In Penang, man braces for loss of family home – again

Charles Lawrence Byrne with his wife, Benardine Wong, outside their home on Mount Erskine Road. The red raffia string indicates the point at which their land will be acquired.

GEORGE TOWN: Charles Lawrence Byrne was only 13 when his family was forced to relocate from their home in Butterworth to make way for a railway station and train track from Perai.

They moved to Mount Erskine Road where his father built a new house on a plot of land measuring 9,000 sq ft.

Now, nearly 70 years later, history appears ready to repeat itself.

This time, the state government is seeking to take over about a third of the plot for an underpass road project.

“I have brought up five children in this house and now, like de ja vu, we have to give up our home to the government again,” he said in an interview with FMT.

The project in question involves the widening of a 700m stretch from Wright junction off Burmah Road to Mount Erskine Road. It includes the construction of a short underpass connecting Mount Erskine to Burmah Road beneath the Gottlieb-Bagan Jermal cross-junction.

Earlier this year, the Byrnes were served with a land acquisition notice for 2,500 sq ft which would see most of their lawn reclaimed by the government.

They have been offered compensation of RM565,000 but according to Byrne, an independent valuer has put the actual value of the land at closer to RM4.8 million.

This includes injurious affection, which is compensation for the damage inflicted on the rest of the property as a result of part of the land being acquired.

Charles Lawrence Byrne has lived in his home at Mount Erskine Road for almost 70 years now.

Byrne, who worked with Radio Malaya and the Postal Services Department for 27 years, said losing the strip of land would require his family to tear down and rebuild the house as homes are required by law to be at least 20ft away from the road.

“We will have to tear down our porch, master bedroom and living room, at the least.

“This does not include space for a new fence or wall. How will we live in a house that has been chopped up like that?” he said.

He suggested that the state government instead take over part of the cemetery land across from Mount Erskine Road, noting that it had done so in 2014 to expand a lane for cars to turn in from Gottlieb Road.

He claimed the Penang government had promised not to touch homes in land acquisition matters if there are cemeteries nearby, as these can be acquired instead.

It had also allowed many other cemeteries to be exhumed for the construction of apartments and other such projects before, he added.

He also questioned the point of the underpass project, saying the other ends of the roads are narrow and that cars would still have to go through a bottleneck.

“They have expanded the road in front of my house six times, but do you see any change in traffic?”

The Penang Island City Council however defended the project, saying it would ease traffic during peak hours.

City secretary Addnan Mohd Razali said the road is a main thoroughfare for those heading to the north of the island.

According to him, 20 plots of land covering 47,684 sq ft are being acquired on the Burmah and Mount Erskine roads, the value of which is determined by the Valuation and Property Services Department (JPPH) under the finance ministry.

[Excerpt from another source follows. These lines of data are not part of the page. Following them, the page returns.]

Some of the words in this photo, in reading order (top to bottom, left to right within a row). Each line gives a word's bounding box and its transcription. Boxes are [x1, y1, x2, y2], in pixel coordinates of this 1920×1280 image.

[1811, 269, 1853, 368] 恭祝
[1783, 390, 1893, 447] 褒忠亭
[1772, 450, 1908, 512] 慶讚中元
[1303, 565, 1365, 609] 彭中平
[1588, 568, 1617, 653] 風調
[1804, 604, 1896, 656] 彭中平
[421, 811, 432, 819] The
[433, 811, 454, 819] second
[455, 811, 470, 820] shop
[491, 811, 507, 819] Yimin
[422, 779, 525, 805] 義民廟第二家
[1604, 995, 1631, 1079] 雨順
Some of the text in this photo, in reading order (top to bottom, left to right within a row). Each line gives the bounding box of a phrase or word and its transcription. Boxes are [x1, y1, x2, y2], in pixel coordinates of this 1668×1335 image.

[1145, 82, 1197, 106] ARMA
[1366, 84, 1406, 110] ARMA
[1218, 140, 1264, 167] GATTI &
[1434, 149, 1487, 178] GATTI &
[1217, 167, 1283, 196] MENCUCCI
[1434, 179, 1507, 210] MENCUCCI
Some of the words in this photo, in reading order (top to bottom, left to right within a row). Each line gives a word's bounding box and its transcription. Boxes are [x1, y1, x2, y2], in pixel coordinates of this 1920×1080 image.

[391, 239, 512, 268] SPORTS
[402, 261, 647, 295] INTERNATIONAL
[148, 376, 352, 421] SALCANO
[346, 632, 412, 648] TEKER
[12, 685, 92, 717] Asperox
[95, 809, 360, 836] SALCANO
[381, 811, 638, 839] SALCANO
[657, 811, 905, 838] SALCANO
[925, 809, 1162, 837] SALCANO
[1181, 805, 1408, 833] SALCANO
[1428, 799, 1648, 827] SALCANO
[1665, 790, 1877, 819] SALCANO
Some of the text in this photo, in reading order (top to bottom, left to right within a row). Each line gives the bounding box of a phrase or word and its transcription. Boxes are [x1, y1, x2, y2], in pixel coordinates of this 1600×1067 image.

He said the land would be acquired at a cost of approximately RM25 million with owners offered prices 125% higher than the JPPH rate.

When asked why the council had decided against taking over the cemetery land, he said authorities would have to exhume over 300 graves to shift the project alignment.

“Those who are not happy with the compensation offered can appeal in court,” he added.

The project is expected to cost about RM55 million, including land acquisition. Work is likely to begin by late 2020 or early 2021.